### WORK TASK
When you write out the listing, keep every word as it stands and drop the pictures.

### MATERIAL SUPPLIED
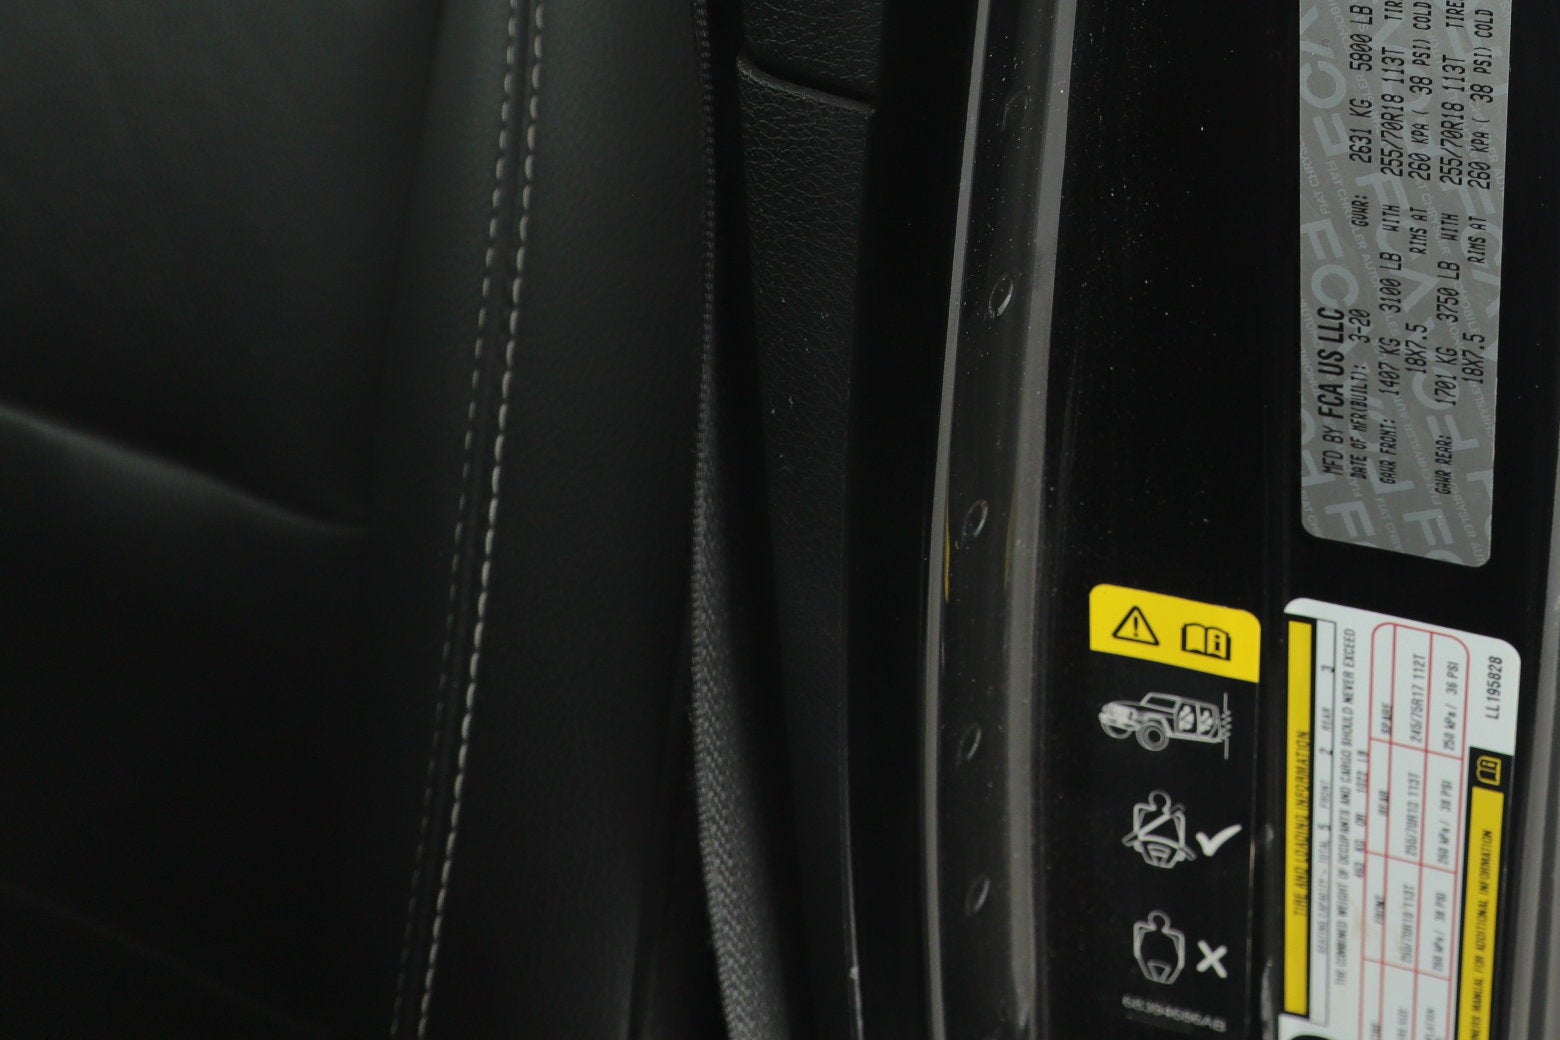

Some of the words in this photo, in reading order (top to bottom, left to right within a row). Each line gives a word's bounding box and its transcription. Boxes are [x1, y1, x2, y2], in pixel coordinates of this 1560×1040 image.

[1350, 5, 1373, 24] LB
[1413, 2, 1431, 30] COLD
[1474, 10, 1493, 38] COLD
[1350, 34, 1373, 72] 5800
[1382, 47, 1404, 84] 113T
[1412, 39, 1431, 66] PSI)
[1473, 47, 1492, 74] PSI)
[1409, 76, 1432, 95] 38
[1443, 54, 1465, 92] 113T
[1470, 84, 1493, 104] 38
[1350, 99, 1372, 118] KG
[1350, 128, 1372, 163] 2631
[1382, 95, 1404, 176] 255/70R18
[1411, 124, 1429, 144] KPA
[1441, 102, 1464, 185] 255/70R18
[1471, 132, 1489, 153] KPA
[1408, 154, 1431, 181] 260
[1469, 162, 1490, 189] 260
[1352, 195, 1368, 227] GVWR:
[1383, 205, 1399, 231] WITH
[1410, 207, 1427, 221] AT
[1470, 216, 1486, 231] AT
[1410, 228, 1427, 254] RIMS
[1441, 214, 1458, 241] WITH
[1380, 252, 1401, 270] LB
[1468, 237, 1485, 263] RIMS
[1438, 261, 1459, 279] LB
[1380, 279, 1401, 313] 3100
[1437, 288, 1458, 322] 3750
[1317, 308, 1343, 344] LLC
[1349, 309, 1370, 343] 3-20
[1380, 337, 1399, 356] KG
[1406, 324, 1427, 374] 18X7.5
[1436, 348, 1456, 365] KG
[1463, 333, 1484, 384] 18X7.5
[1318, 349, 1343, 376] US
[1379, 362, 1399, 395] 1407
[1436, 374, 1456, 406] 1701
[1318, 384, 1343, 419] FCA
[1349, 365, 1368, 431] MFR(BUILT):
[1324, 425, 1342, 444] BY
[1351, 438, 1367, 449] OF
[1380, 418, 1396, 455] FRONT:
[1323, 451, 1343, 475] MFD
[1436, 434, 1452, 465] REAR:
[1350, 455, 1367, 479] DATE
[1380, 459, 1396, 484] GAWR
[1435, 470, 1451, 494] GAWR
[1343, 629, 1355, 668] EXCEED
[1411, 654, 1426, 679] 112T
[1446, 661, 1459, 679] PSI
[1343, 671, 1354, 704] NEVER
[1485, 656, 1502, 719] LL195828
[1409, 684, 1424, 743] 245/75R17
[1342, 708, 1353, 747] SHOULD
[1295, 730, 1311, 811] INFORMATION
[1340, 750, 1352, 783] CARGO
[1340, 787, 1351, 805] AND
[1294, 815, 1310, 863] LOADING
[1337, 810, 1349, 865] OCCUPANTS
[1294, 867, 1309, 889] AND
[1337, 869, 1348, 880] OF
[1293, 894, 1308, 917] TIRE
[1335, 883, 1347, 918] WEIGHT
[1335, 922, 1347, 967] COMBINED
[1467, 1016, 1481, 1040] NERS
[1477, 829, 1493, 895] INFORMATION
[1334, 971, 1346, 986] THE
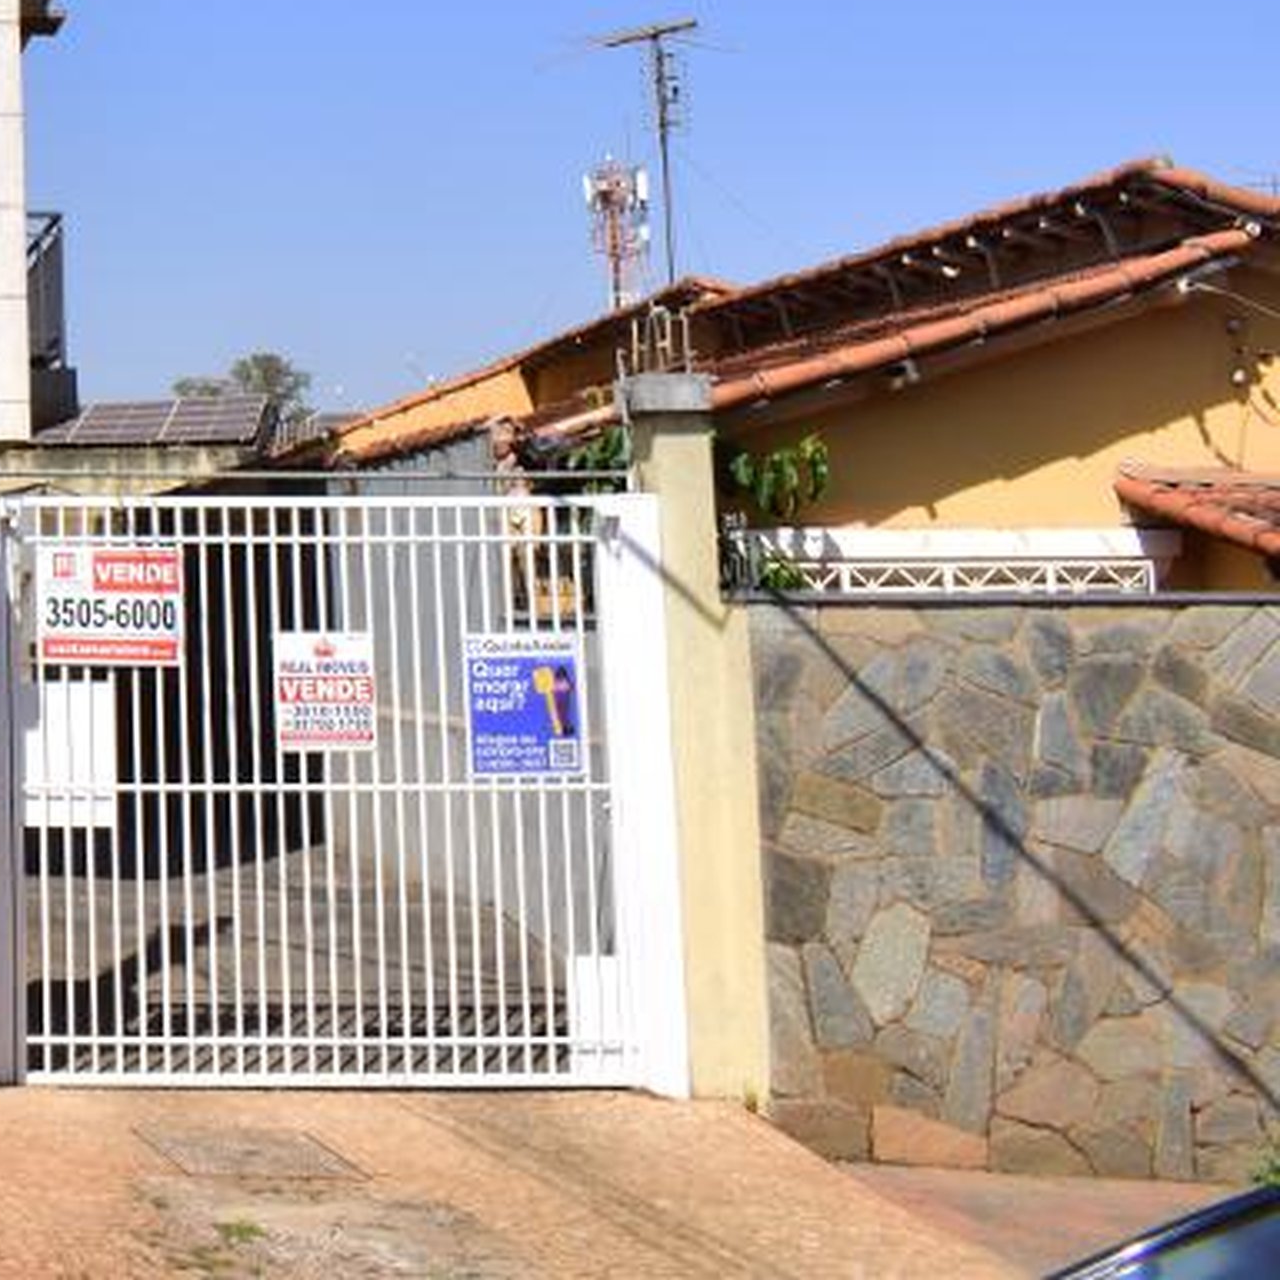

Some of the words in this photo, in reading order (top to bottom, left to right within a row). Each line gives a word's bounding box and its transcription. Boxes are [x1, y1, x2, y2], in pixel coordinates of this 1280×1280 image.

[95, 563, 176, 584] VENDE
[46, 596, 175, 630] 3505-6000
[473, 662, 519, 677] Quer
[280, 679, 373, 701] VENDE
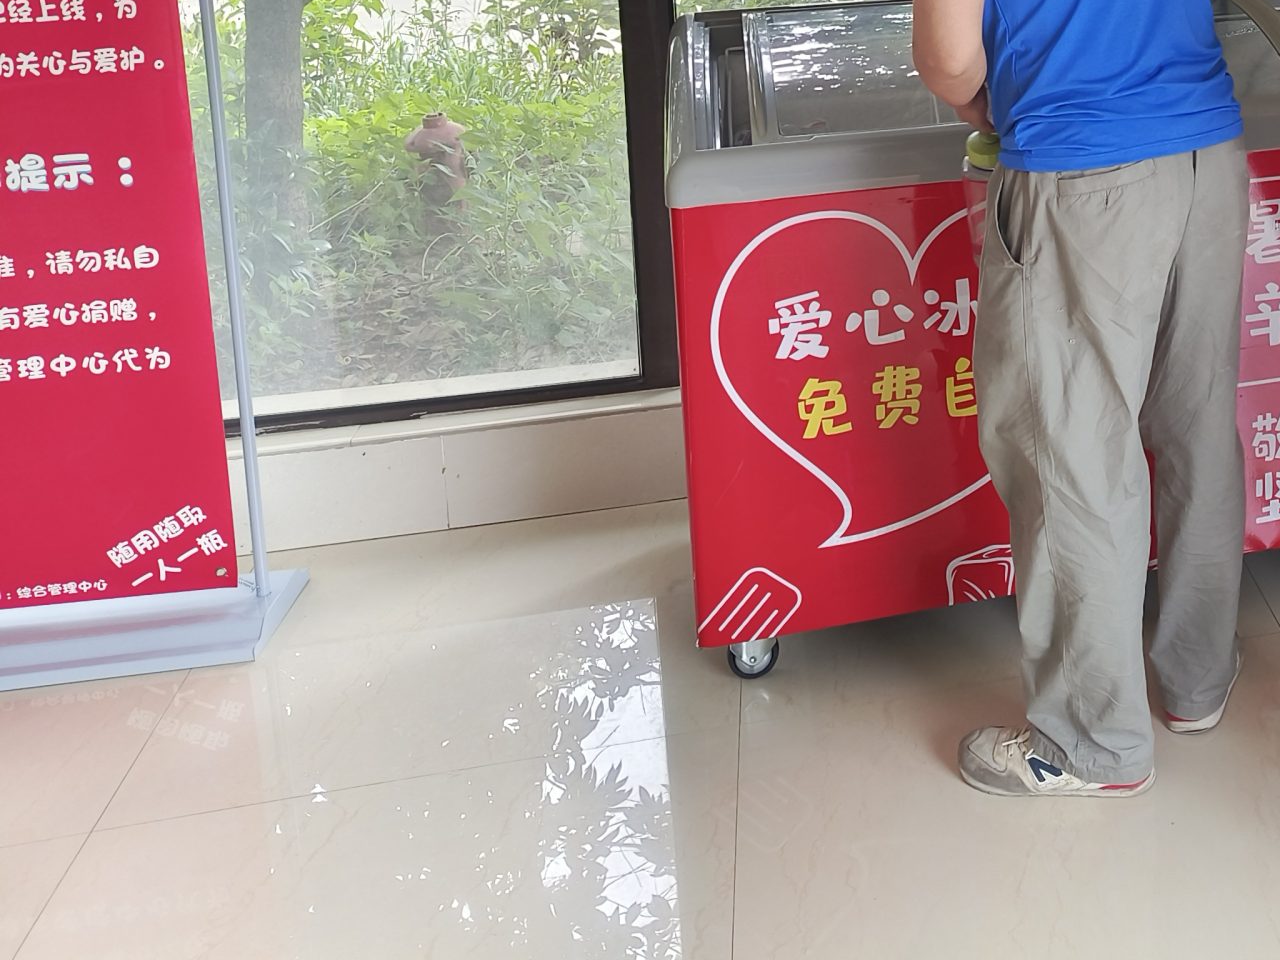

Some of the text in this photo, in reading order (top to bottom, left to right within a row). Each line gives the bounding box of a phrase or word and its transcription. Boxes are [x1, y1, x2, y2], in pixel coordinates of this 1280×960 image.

### EXPECTED OUTPUT
Some of the words in this photo, in reading order (top to bottom, left to right within a row). Each line gives a word's bounding box and its transcription. Boxes are [x1, y1, x2, y2], in pixel coordinates of this 1560×1040 image.

[1350, 5, 1373, 24] LB
[1413, 2, 1431, 30] COLD
[1474, 10, 1493, 38] COLD
[1350, 34, 1373, 72] 5800
[1382, 47, 1404, 84] 113T
[1412, 39, 1431, 66] PSI)
[1473, 47, 1492, 74] PSI)
[1409, 76, 1432, 95] 38
[1443, 54, 1465, 92] 113T
[1470, 84, 1493, 104] 38
[1350, 99, 1372, 118] KG
[1350, 128, 1372, 163] 2631
[1382, 95, 1404, 176] 255/70R18
[1411, 124, 1429, 144] KPA
[1441, 102, 1464, 185] 255/70R18
[1471, 132, 1489, 153] KPA
[1408, 154, 1431, 181] 260
[1469, 162, 1490, 189] 260
[1352, 195, 1368, 227] GVWR:
[1383, 205, 1399, 231] WITH
[1410, 207, 1427, 221] AT
[1470, 216, 1486, 231] AT
[1410, 228, 1427, 254] RIMS
[1441, 214, 1458, 241] WITH
[1380, 252, 1401, 270] LB
[1468, 237, 1485, 263] RIMS
[1438, 261, 1459, 279] LB
[1380, 279, 1401, 313] 3100
[1437, 288, 1458, 322] 3750
[1317, 308, 1343, 344] LLC
[1349, 309, 1370, 343] 3-20
[1380, 337, 1399, 356] KG
[1406, 324, 1427, 374] 18X7.5
[1436, 348, 1456, 365] KG
[1463, 333, 1484, 384] 18X7.5
[1318, 349, 1343, 376] US
[1379, 362, 1399, 395] 1407
[1436, 374, 1456, 406] 1701
[1318, 384, 1343, 419] FCA
[1349, 365, 1368, 431] MFR(BUILT):
[1324, 425, 1342, 444] BY
[1351, 438, 1367, 449] OF
[1380, 418, 1396, 455] FRONT:
[1323, 451, 1343, 475] MFD
[1436, 434, 1452, 465] REAR:
[1350, 455, 1367, 479] DATE
[1380, 459, 1396, 484] GAWR
[1435, 470, 1451, 494] GAWR
[1343, 629, 1355, 668] EXCEED
[1411, 654, 1426, 679] 112T
[1446, 661, 1459, 679] PSI
[1343, 671, 1354, 704] NEVER
[1485, 656, 1502, 719] LL195828
[1409, 684, 1424, 743] 245/75R17
[1342, 708, 1353, 747] SHOULD
[1295, 730, 1311, 811] INFORMATION
[1340, 750, 1352, 783] CARGO
[1340, 787, 1351, 805] AND
[1294, 815, 1310, 863] LOADING
[1337, 810, 1349, 865] OCCUPANTS
[1294, 867, 1309, 889] AND
[1337, 869, 1348, 880] OF
[1293, 894, 1308, 917] TIRE
[1335, 883, 1347, 918] WEIGHT
[1335, 922, 1347, 967] COMBINED
[1467, 1016, 1481, 1040] NERS
[1477, 829, 1493, 895] INFORMATION
[1334, 971, 1346, 986] THE

Some of the words in this photo, in reading order (top to bottom, left to right within a row). Each line gives a word's bounding box and its transcription. Boxes are [x1, y1, x2, y2], in pixel coordinates of this 1280×1280 image.

[95, 563, 176, 584] VENDE
[46, 596, 175, 630] 3505-6000
[473, 662, 519, 677] Quer
[280, 679, 373, 701] VENDE

Some of the text in this photo, in reading order (top to bottom, left to right within a row). Each line gives the bounding box of a phrase or word and its transcription. Boxes are [x1, y1, x2, y2], in pixel coordinates of this 1280×960 image.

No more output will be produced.